2º Easy Rock: A segunda edição do evento realizou eliminatória de bandas no Parque Ambiental e deslocou a etapa final de apresentações para o Centro de Eventos. Os shows ganharam em qualidade de palco, mas a medida dificultou presença de público no último dia. O Easy Road trouxe shows de Blindagem, Beatles Cover e Lobão, que fechou em grande estilo. O número de bandas inscritas superou a edição anterior do projeto, também viabilizado por edital público. A dificuldade se deu no processo posterior ao festival, com atraso no agendamento de estúdio para gravação e realização da mini-turnê pelo estado, como prevê o regulamento. Os CDs de coletânea encontram-se em finalização, com lançamento previsto para o início de 2013. Em função desse atraso, o edital do próximo concurso deve passar por modificações.

Outros acontecimentos:

– O show de Luiz Salgado no 25º Festival Universitário da Canção (FUC) fez um belo passeio pelo cancioneiro popular brasileiro, seus ritmos, suas lendas e crenças.

Julho

SMC: promulgada a lei que institui o Sistema Municipal de Cultura (SMC) em Ponta Grossa. O sistema é um dos principais mecanismos de inclusão das cidades nas políticas federais da cultura. O texto passou por discussões no Fórum de Cultura e em conferência antes de ser enviado à Câmara de Vereadores. As políticas nacionais do setor estipulam ainda a criação de um Plano Municipal da Cultura (PMC), em fase de discussão e elaboração pelo Conselho Municipal de Política Cultural. Ponta Grossa já atende a outros requisitos de gestão, como o funcionamento do conselho e a realização periódica das conferências. A sintonia das atividades locais com as políticas nacionais da cultura também se fez sentir no aproveitamento dos editais da Funarte, como o painel de bandas musicais realizado no fim do ano.

Agosto

Compromisso: em fase de campanha eleitoral, os candidatos a prefeito de Ponta Grossa assinaram carta de compromisso com as políticas culturais do município, proposta pelo Conselho Municipal de Política Cultural, em sintonia com demandas da área expressas em conferências e fóruns. Um dos pontos destacados é a garantia de continuidade e ampliação de eventos de catálogo da cidade, como Flicampos e Sexta às Seis. Cobra-se também a digitalização de espaços culturais e o comprometimento com o uso cultural de prédios e aparelhos públicos do setor, como teatros e o novo complexo inaugurado em dezembro, no local das antigas indústrias Wagner.

Outros acontecimentos:

– A Marcha das Vadias ganhou as ruas de Ponta Grossa e conquistou adesão para a causa das mulheres.

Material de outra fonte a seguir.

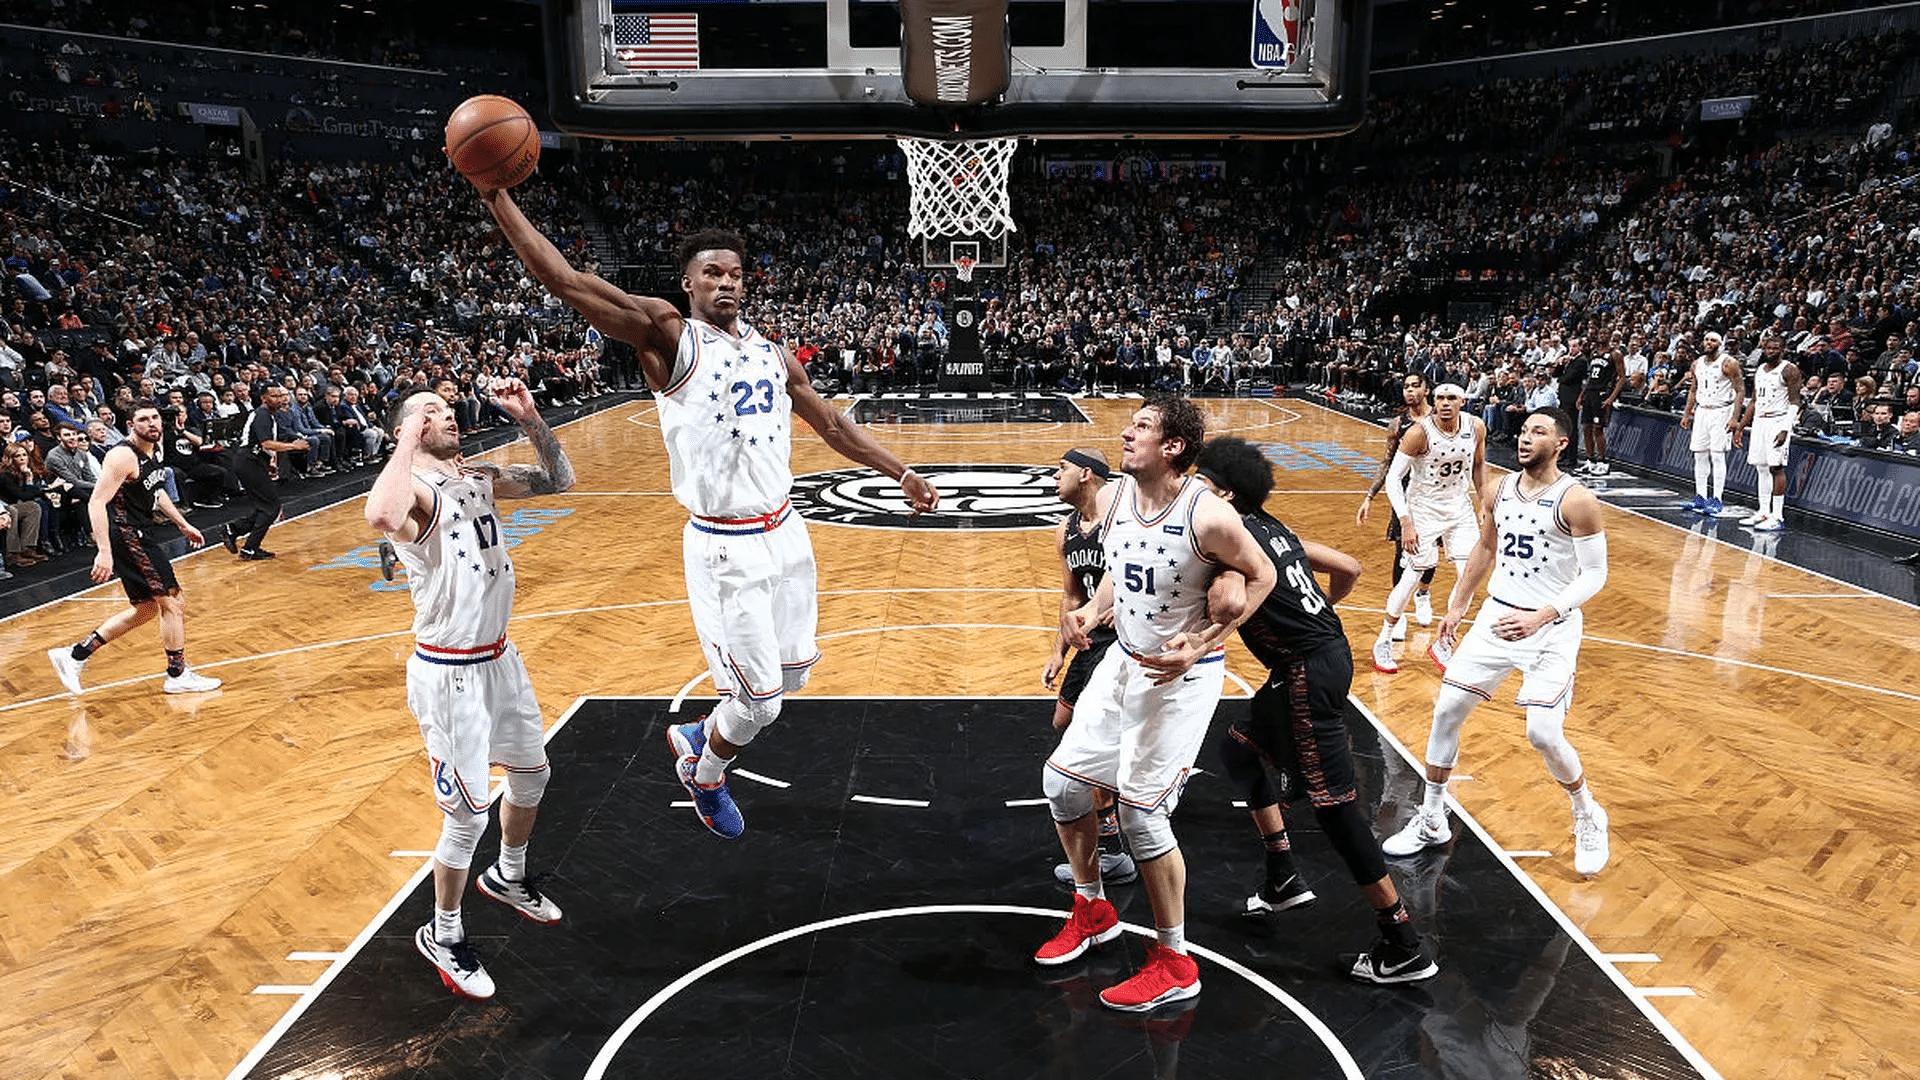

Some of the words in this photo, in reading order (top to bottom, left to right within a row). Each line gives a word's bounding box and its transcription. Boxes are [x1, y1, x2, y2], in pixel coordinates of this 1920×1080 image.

[1257, 43, 1281, 61] NBA
[731, 378, 774, 416] 23
[1440, 460, 1463, 477] 33
[473, 513, 498, 550] 17
[1504, 532, 1534, 559] 25
[1125, 562, 1156, 596] 51
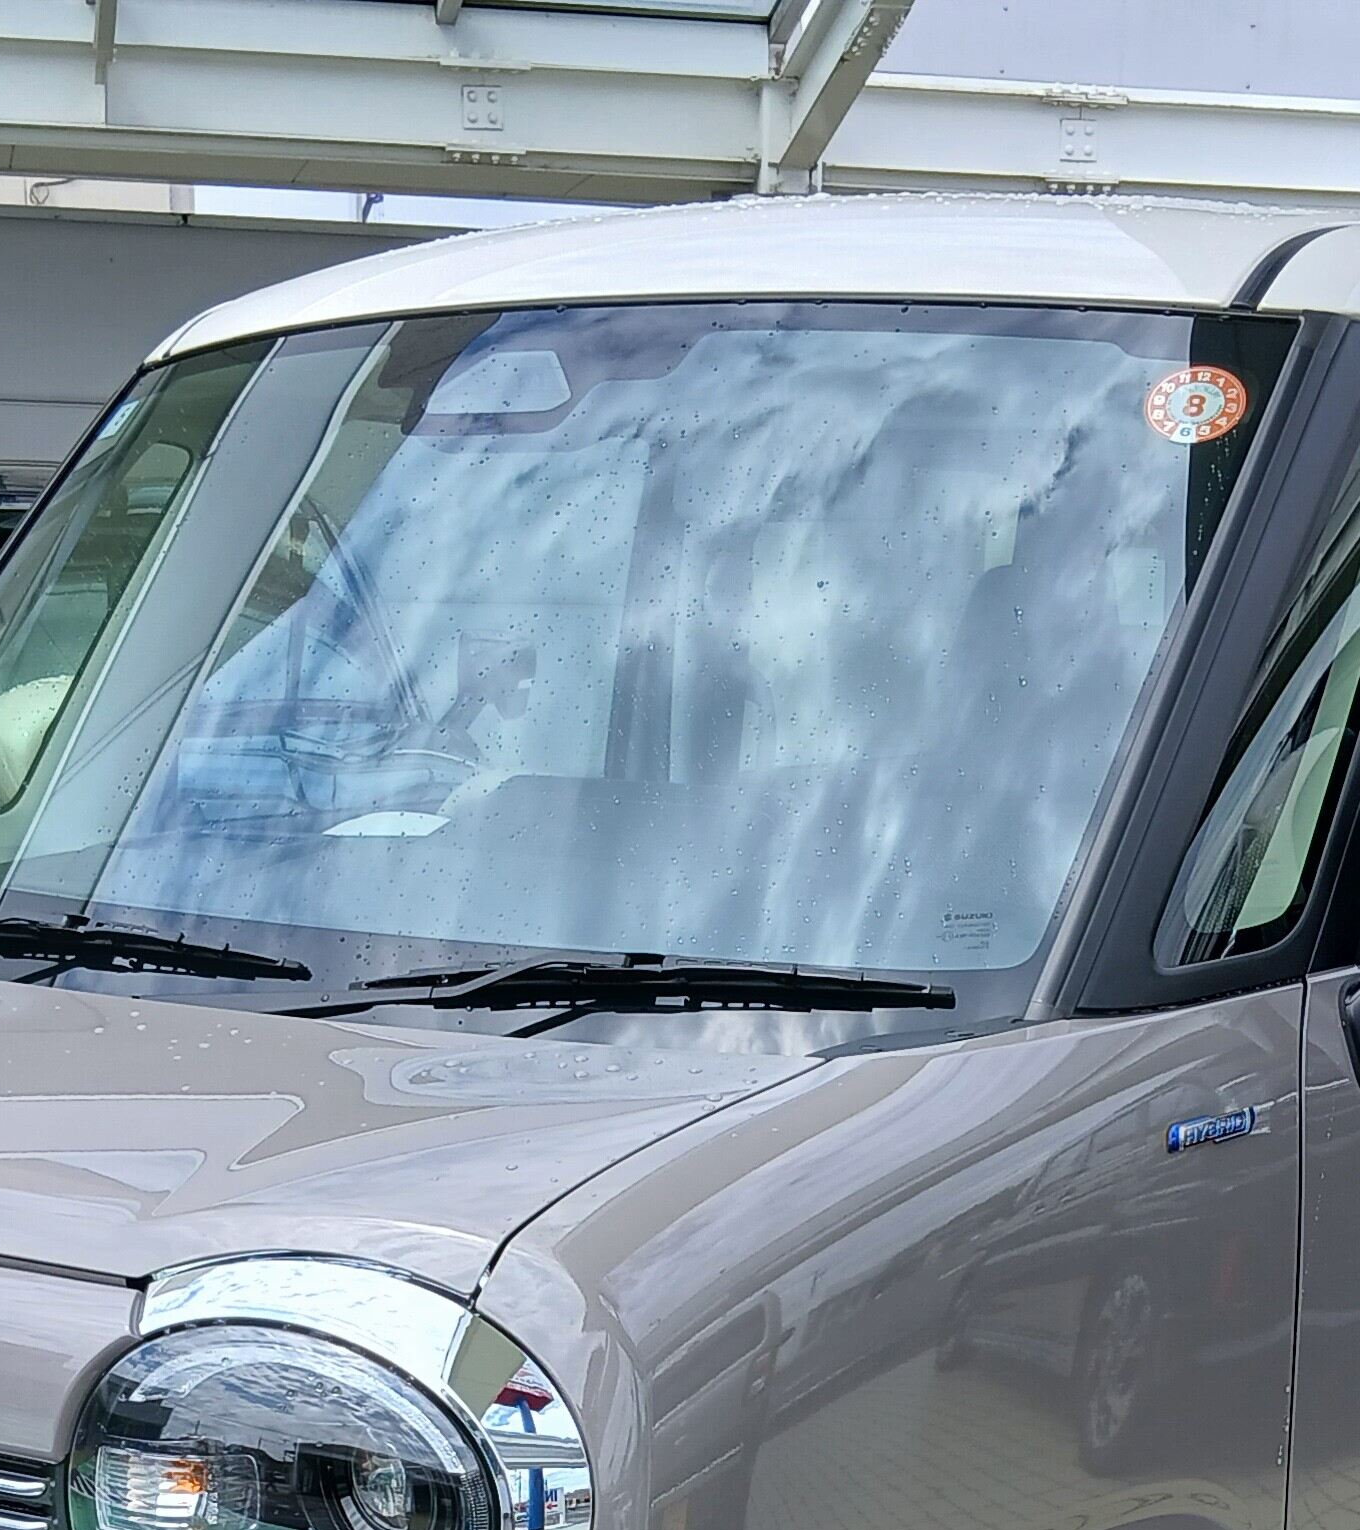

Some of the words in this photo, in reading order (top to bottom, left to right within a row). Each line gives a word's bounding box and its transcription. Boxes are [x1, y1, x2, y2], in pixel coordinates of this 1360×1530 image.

[1178, 373, 1191, 383] 11
[1197, 371, 1211, 382] 12
[1216, 377, 1225, 387] 1
[1161, 382, 1176, 393] 10
[1227, 388, 1238, 399] 2
[1225, 403, 1237, 413] 3
[1163, 421, 1176, 432] 7
[1215, 417, 1228, 427] 4
[1180, 427, 1192, 437] 6
[1197, 425, 1211, 435] 5
[954, 912, 993, 920] SUZUKI
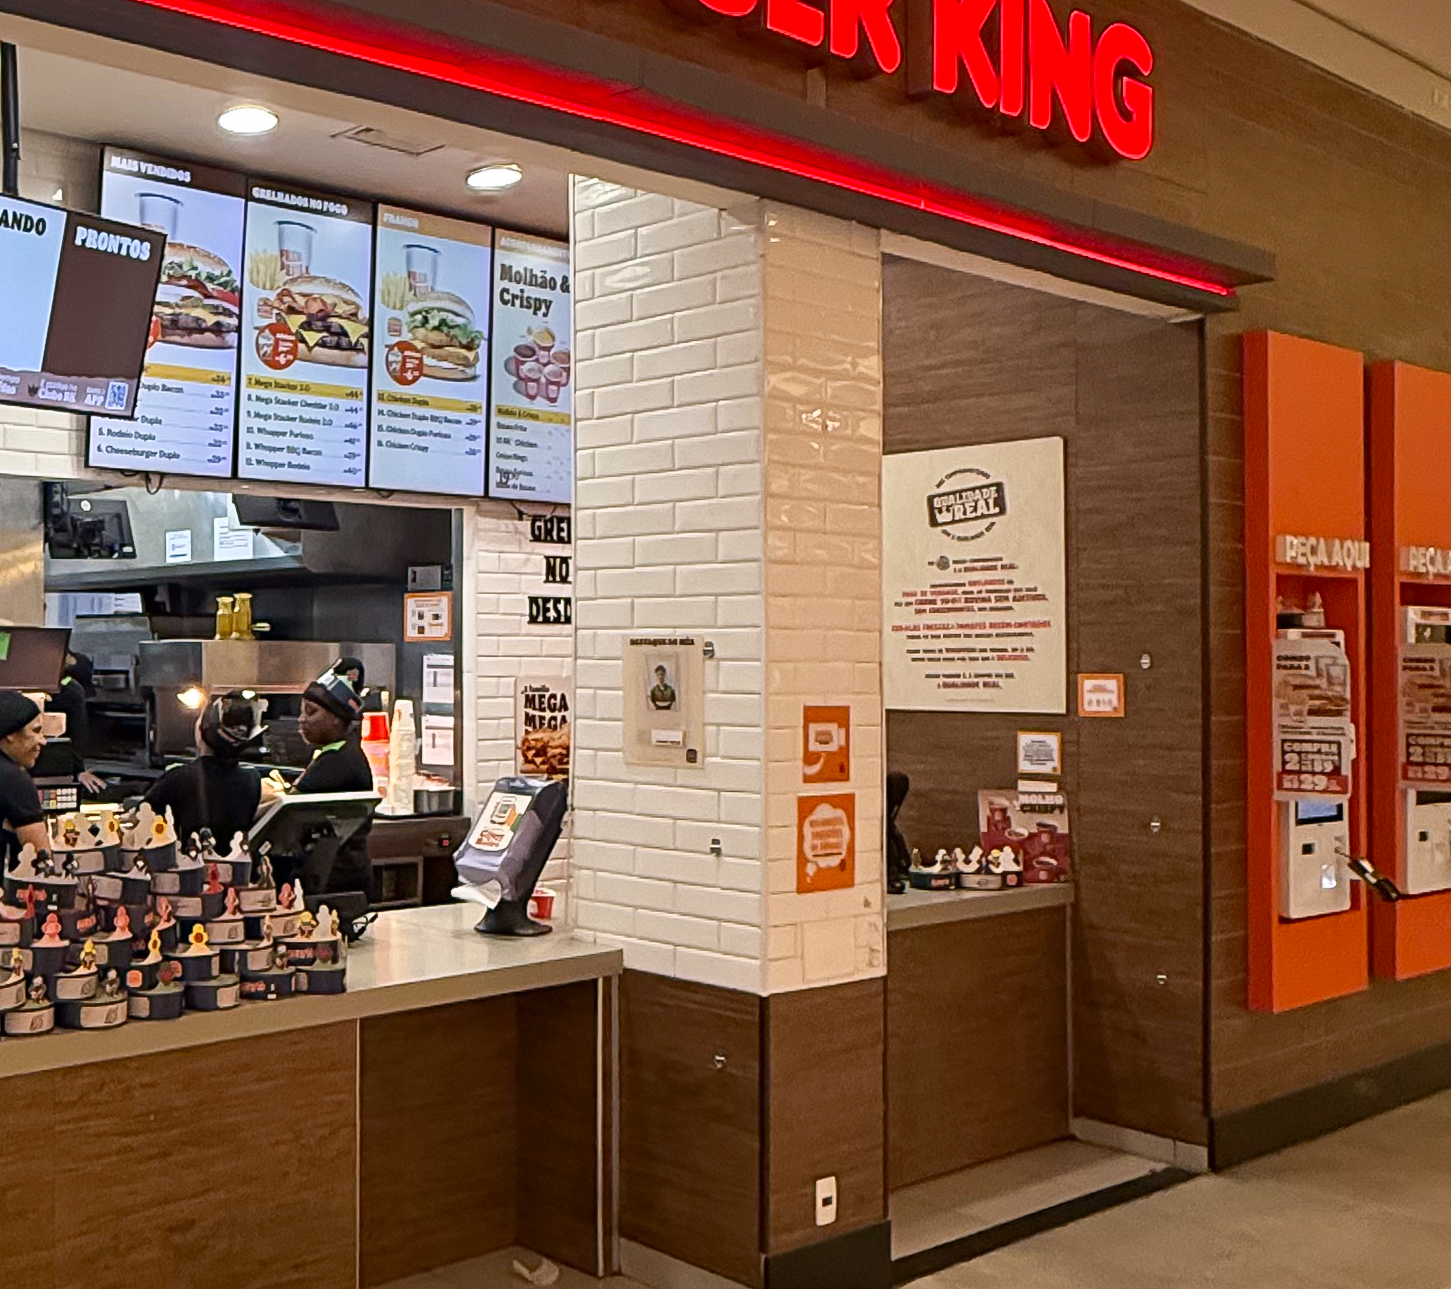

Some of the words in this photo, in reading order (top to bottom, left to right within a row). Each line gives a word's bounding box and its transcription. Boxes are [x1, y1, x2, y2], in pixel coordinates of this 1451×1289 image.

– O mítico bar Pub Underground fecha as portas sob gestão do lendário ‘Craudião’. Ao mesmo tempo, começa a demolição do Cine Cittá – bar e restaurante no centro da cidade que abriu espaço para artistas locais.

– A comunidade russo alemã de Witmarsum comemora 60 anos.

– Ponta Grossa sedia a  3ª Conferência Regional Sul-Brasileira de Tubas e Eufônios 2012.

Setembro

Poesia neles: Em uma das noites de conversa sobre literatura, a tradicional Semana Literária do Sesc reuniu os poetas Fabrício Corsaletti e Alberto Martins, expoentes do que se considera como nova geração da poesia no país. Durante as intervenções da plateia, um rapaz pede licença e começa e ler um poema que escreveu. A produção poética local também mobilizou durante o ano o primeiro concurso municipal de poesia nos tótens. Os vencedores terão seus textos impressos em tótens nas praças da cidade. A publicação já começou. Outra lembrança indispensável é de que a poesia feita em Ponta Grossa ganhou em 2012 um nobre reforço. O poeta Adilson Rei dos Santos, o ‘poetinha da Ronda’, lançou o livro ‘Diário Pop’, desde já leitura indispensável pelo grau de refinamento e síntese das características traçadas em obras anteriores, sobretudo no modo de ver, sentir e imaginar a cidade.

Outros acontecimentos:

– O projeto Cultura Plural realiza, na Praça Barão do Rio Branco, a primeira feira de exposições, mostras e interação de grupos culturais.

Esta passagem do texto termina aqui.